Shanghai Triad is a 1995 Chinese crime-drama film, directed by Zhang Yimou and starring Gong Li. The script is written by Bi Feiyu based on Li Xiao's 1994 novel Rules of a Clan (门规). The film is set in the criminal underworld of 1930s Shanghai, Republic of China and spans seven days. Shanghai Triad's Chinese title reads "Row, row, row to Grandma Bridge", refers to a well known traditional Chinese lullaby.

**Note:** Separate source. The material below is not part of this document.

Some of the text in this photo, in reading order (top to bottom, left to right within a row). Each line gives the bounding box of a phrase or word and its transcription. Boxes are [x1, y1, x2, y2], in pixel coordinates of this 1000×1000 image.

The film was the last collaboration between Zhang Yimou and actress Gong Li in the 1990s, thus ending a successful partnership that had begun with Zhang's debut, Red Sorghum, and had evolved into a romantic relationship as well. With the wrapping of filming for Shanghai Triad the two agreed to end their relationship both professionally and personally.  Gong Li and Zhang Yimou would not work together again until 2006's Curse of the Golden Flower.

Plot

Tang Shuisheng (Wang Xiaoxiao) has arrived in Shanghai to work  for a Triad Boss (played by Li Baotian), also named Tang. He is taken to a warehouse where two rival groups of Triads carry out an opium deal that goes wrong, leaving one of the rival members dead. Shuisheng is then taken by his uncle to Tang's palatial home, where he is assigned to serve Xiao Jinbao (Gong Li), a cabaret singer and mistress of the Boss. It is soon learned that Jinbao is also carrying on an affair with the Boss's number two man, Song (Sun Chun).

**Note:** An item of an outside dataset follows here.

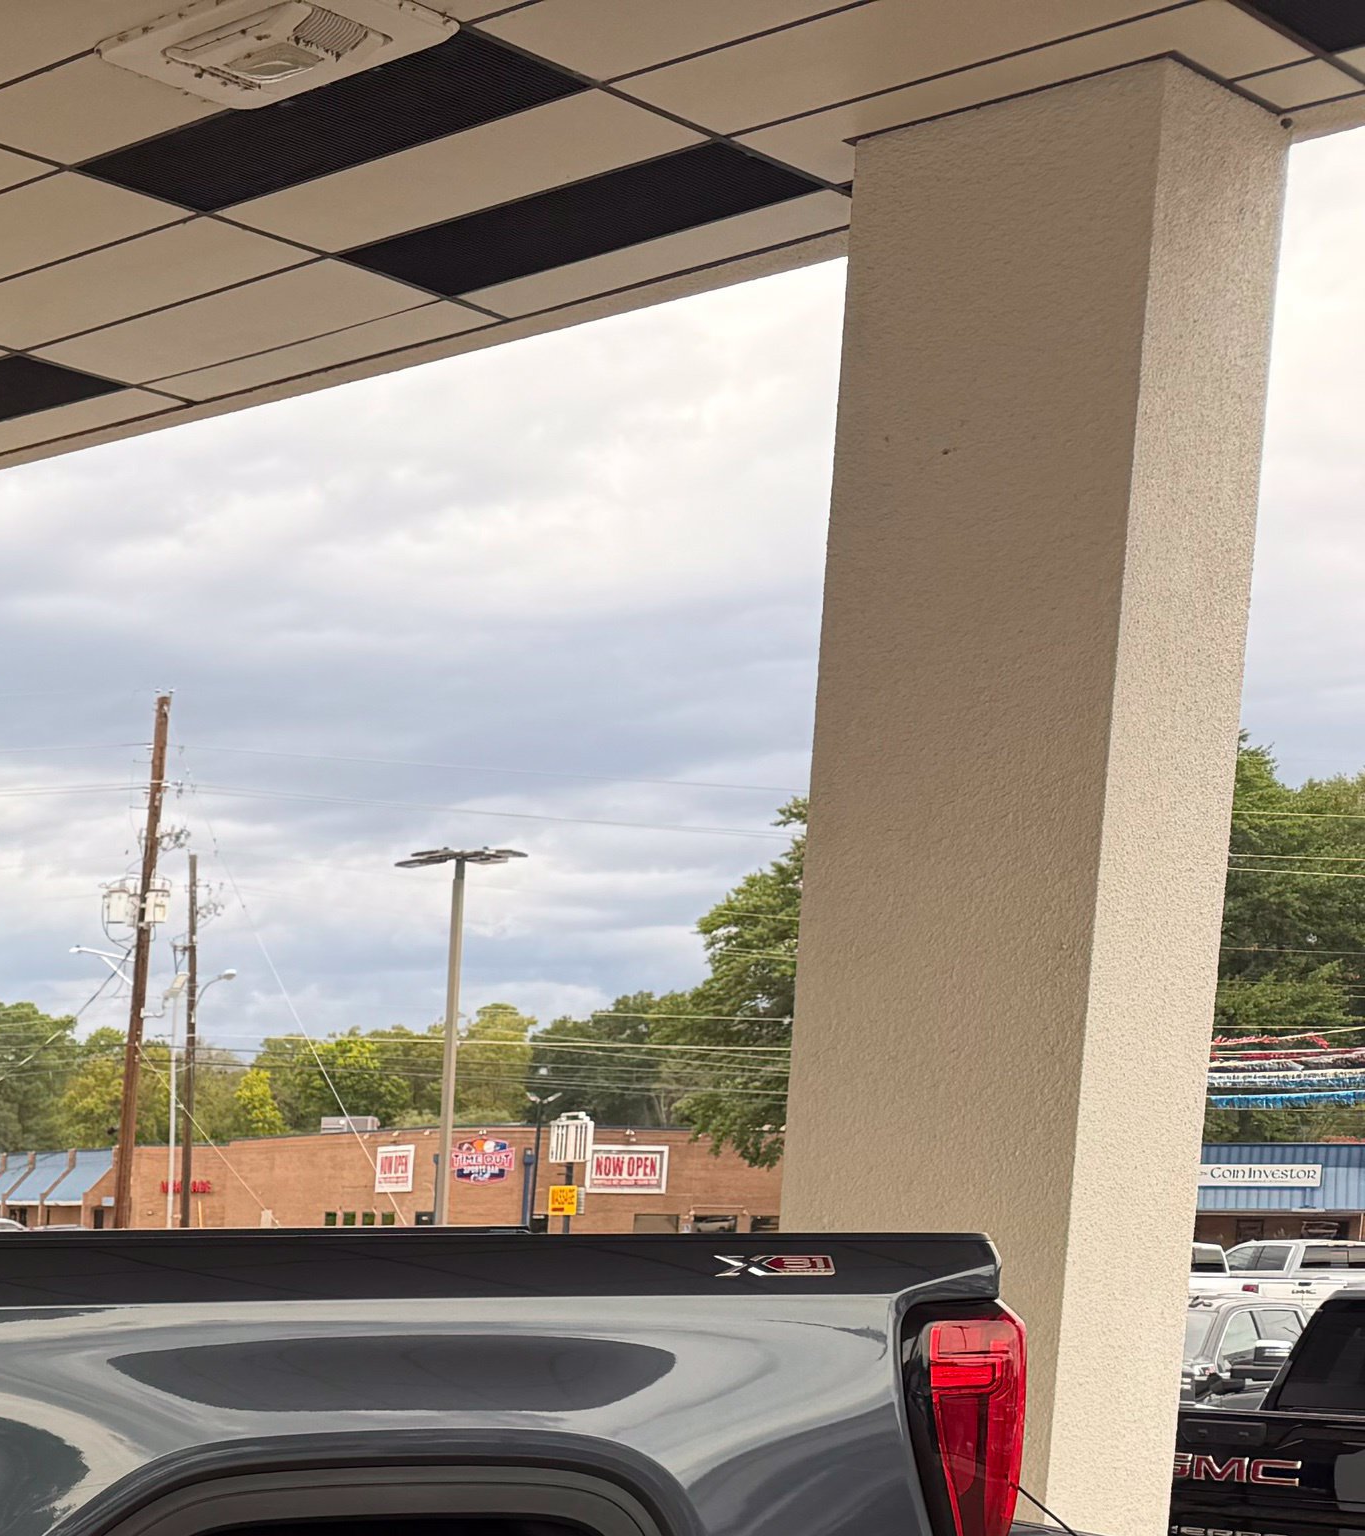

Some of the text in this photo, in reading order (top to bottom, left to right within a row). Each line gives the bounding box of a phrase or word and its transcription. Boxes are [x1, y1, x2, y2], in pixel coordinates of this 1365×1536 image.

On the third night, Shuisheng witnesses a bloody gang fight between the Boss and a rival, Fat Yu, in which his uncle is killed. The Boss and a small entourage retreat to an island. There, Jinbao befriends Cuihua (Jiang Baoying), a peasant woman with a young daughter, Ajiao. When Jinbao unwittingly meddles in Cuihua's business, it results in the Boss's men killing Cuihua's lover. Furious, Jinbao confronts the Boss and tells Shuisheng to leave Shanghai.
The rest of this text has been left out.